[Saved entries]
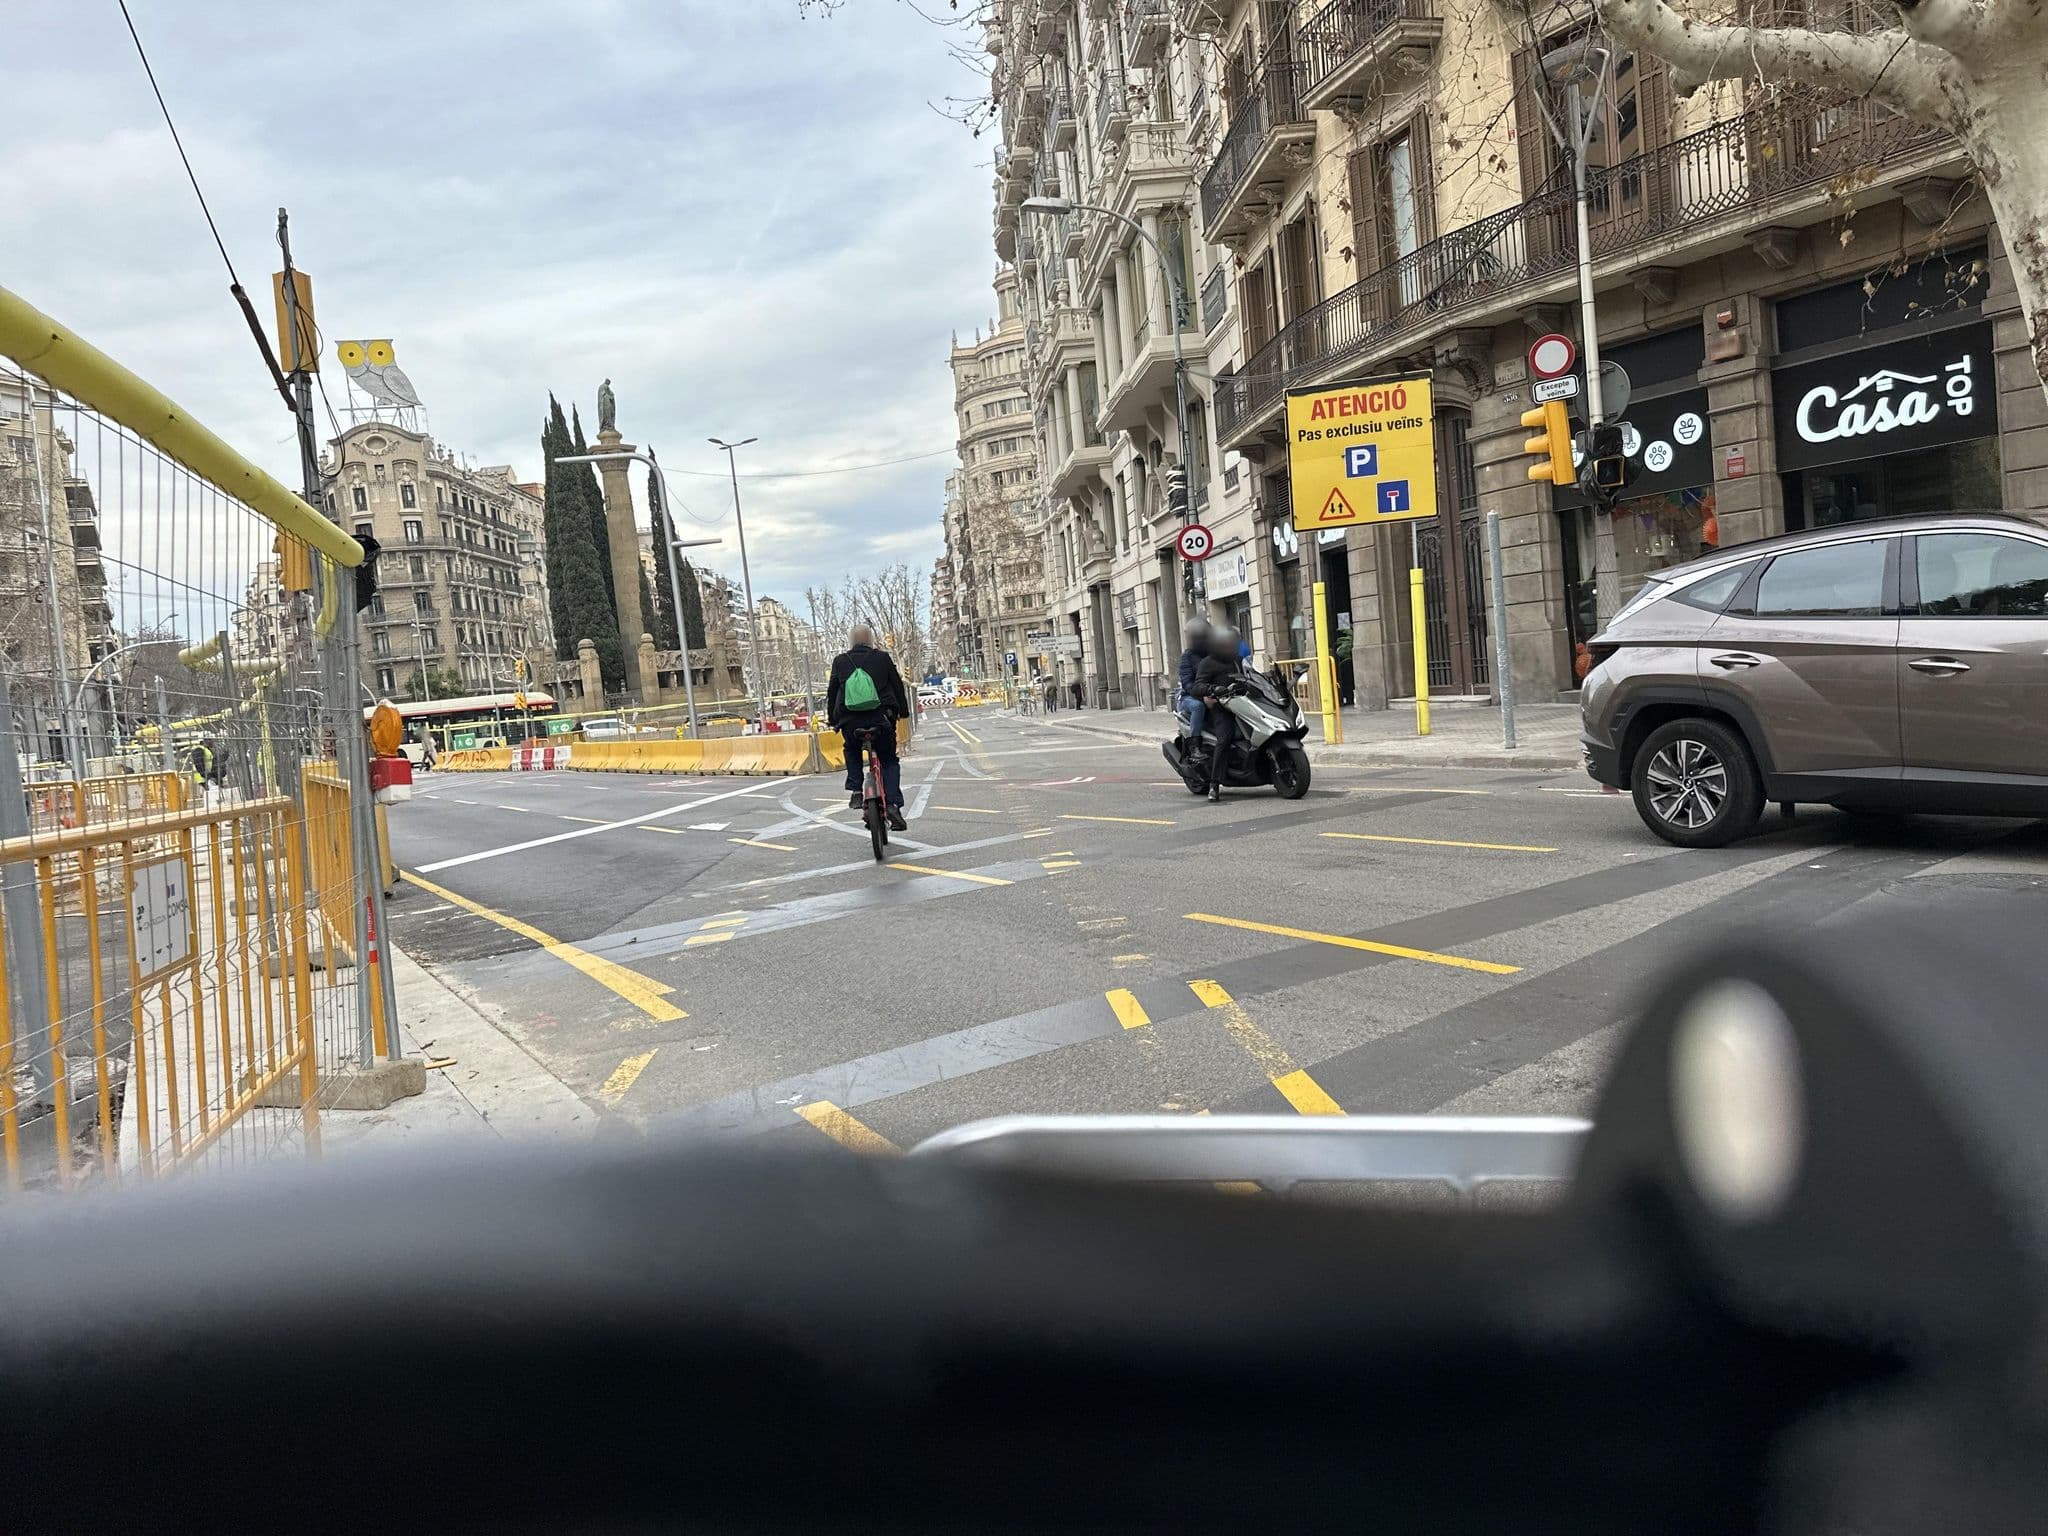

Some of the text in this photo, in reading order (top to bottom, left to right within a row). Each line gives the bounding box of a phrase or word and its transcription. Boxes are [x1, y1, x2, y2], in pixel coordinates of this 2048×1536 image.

[1944, 354, 1973, 416] TOP
[1310, 384, 1407, 421] ATENCIÓ
[1796, 385, 1940, 443] Casa
[1298, 416, 1423, 442] Pas exclusiu veïns
[1351, 448, 1371, 475] P
[1185, 536, 1205, 550] 20
[1006, 654, 1014, 664] P
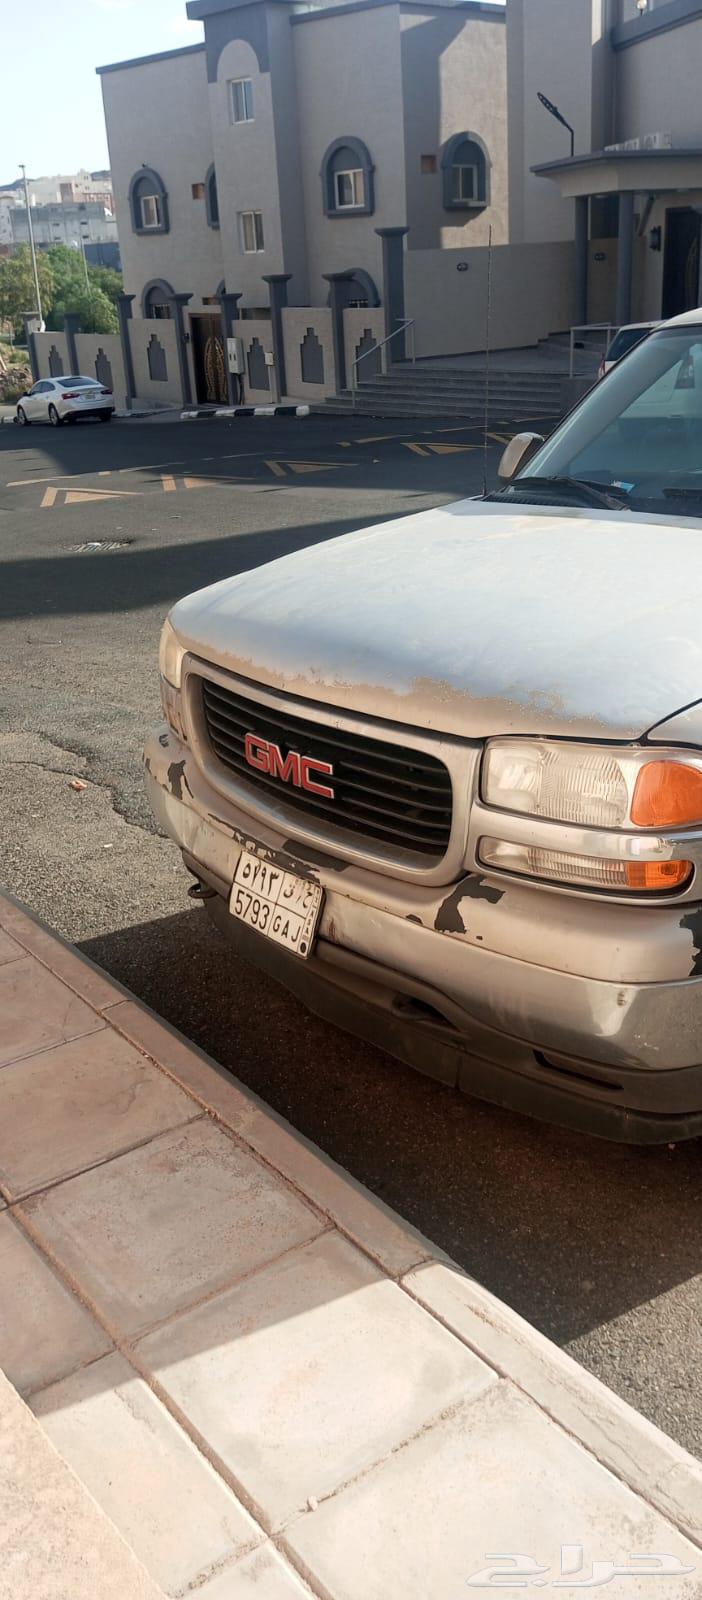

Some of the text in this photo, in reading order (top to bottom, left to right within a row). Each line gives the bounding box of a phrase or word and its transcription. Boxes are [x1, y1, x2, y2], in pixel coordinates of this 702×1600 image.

[244, 732, 334, 799] GMC
[242, 862, 280, 897] ٥٧٩٣
[234, 890, 270, 930] 5793
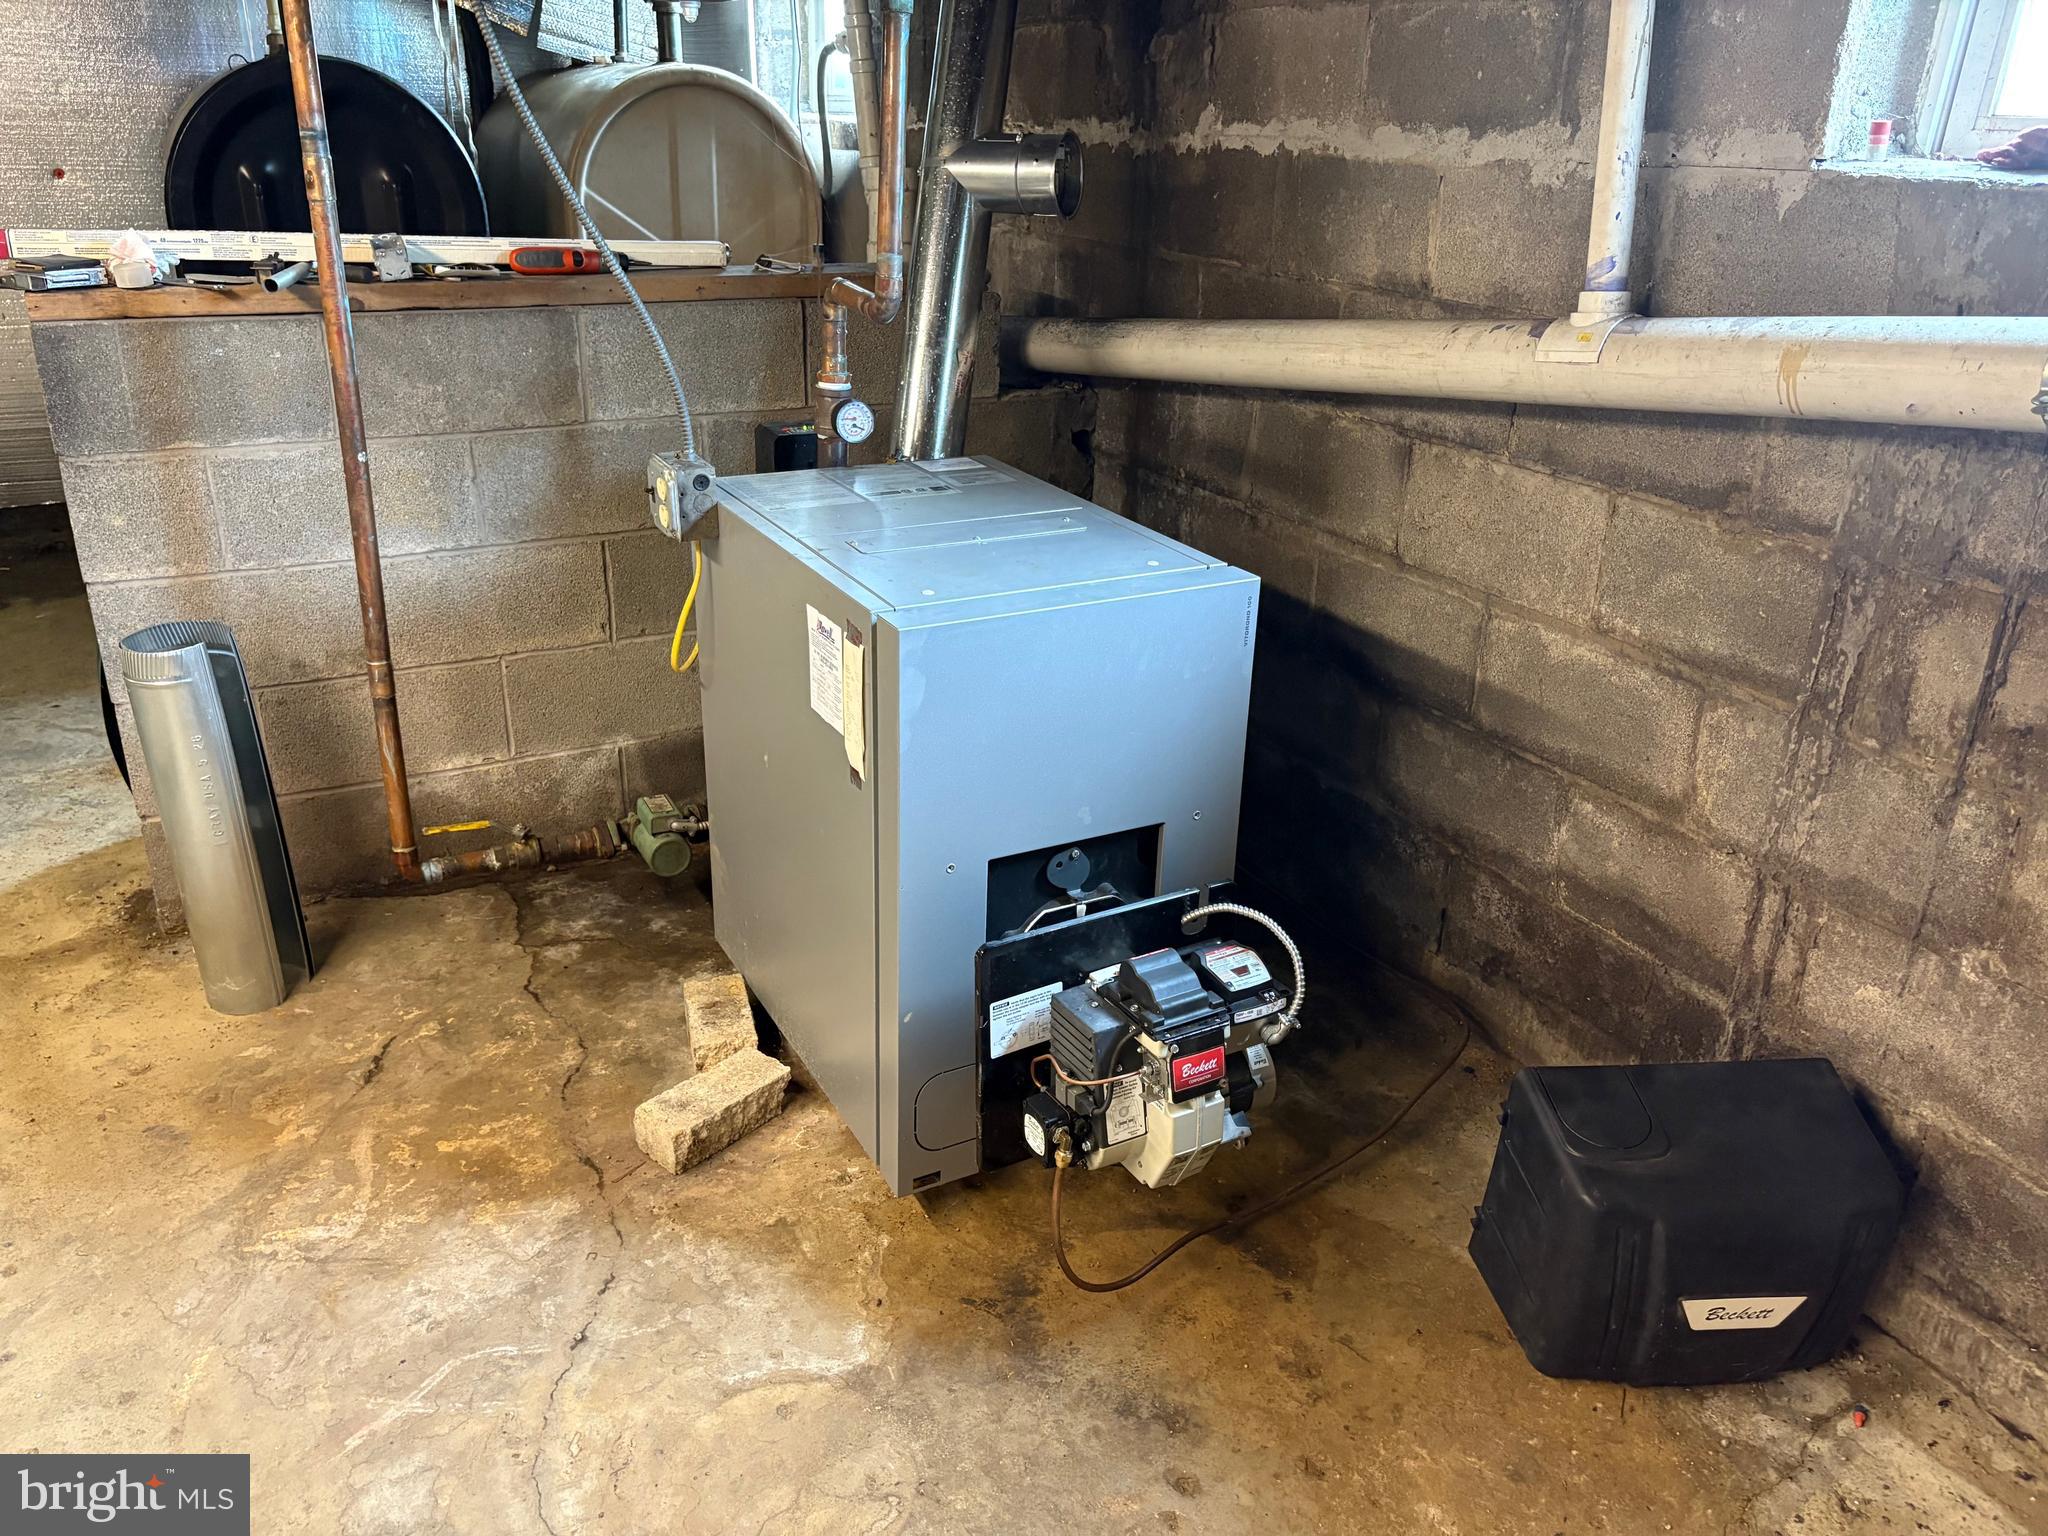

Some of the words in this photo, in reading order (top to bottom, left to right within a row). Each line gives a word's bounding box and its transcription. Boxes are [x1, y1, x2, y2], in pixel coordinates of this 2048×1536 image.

[200, 774, 216, 799] USA
[1181, 1057, 1218, 1078] Beckett
[1704, 1306, 1775, 1321] Beckett

■ **TASK INSTRUCTIONS**
Write every line above out again exactly; pictures do not belong in the copy.

■ **ANSWER FOR THIS EXERCISE**
Some of the text in this photo, in reading order (top to bottom, left to right within a row). Each line gives the bounding box of a phrase or word and its transcription. Boxes are [x1, y1, x2, y2], in pixel coordinates of this 2048×1536 image.

[1944, 354, 1973, 416] TOP
[1310, 384, 1407, 421] ATENCIÓ
[1796, 385, 1940, 443] Casa
[1298, 416, 1423, 442] Pas exclusiu veïns
[1351, 448, 1371, 475] P
[1185, 536, 1205, 550] 20
[1006, 654, 1014, 664] P

Some of the text in this photo, in reading order (top to bottom, left to right within a row). Each line gives the bounding box of a phrase or word and its transcription. Boxes are [x1, y1, x2, y2], in pixel coordinates of this 702×1600 image.

[244, 732, 334, 799] GMC
[242, 862, 280, 897] ٥٧٩٣
[234, 890, 270, 930] 5793

Some of the words in this photo, in reading order (top to bottom, left to right within a row). Each line gives a word's bounding box and its transcription. Boxes are [x1, y1, x2, y2], in pixel coordinates of this 2048×1536 image.

[200, 774, 216, 799] USA
[1181, 1057, 1218, 1078] Beckett
[1704, 1306, 1775, 1321] Beckett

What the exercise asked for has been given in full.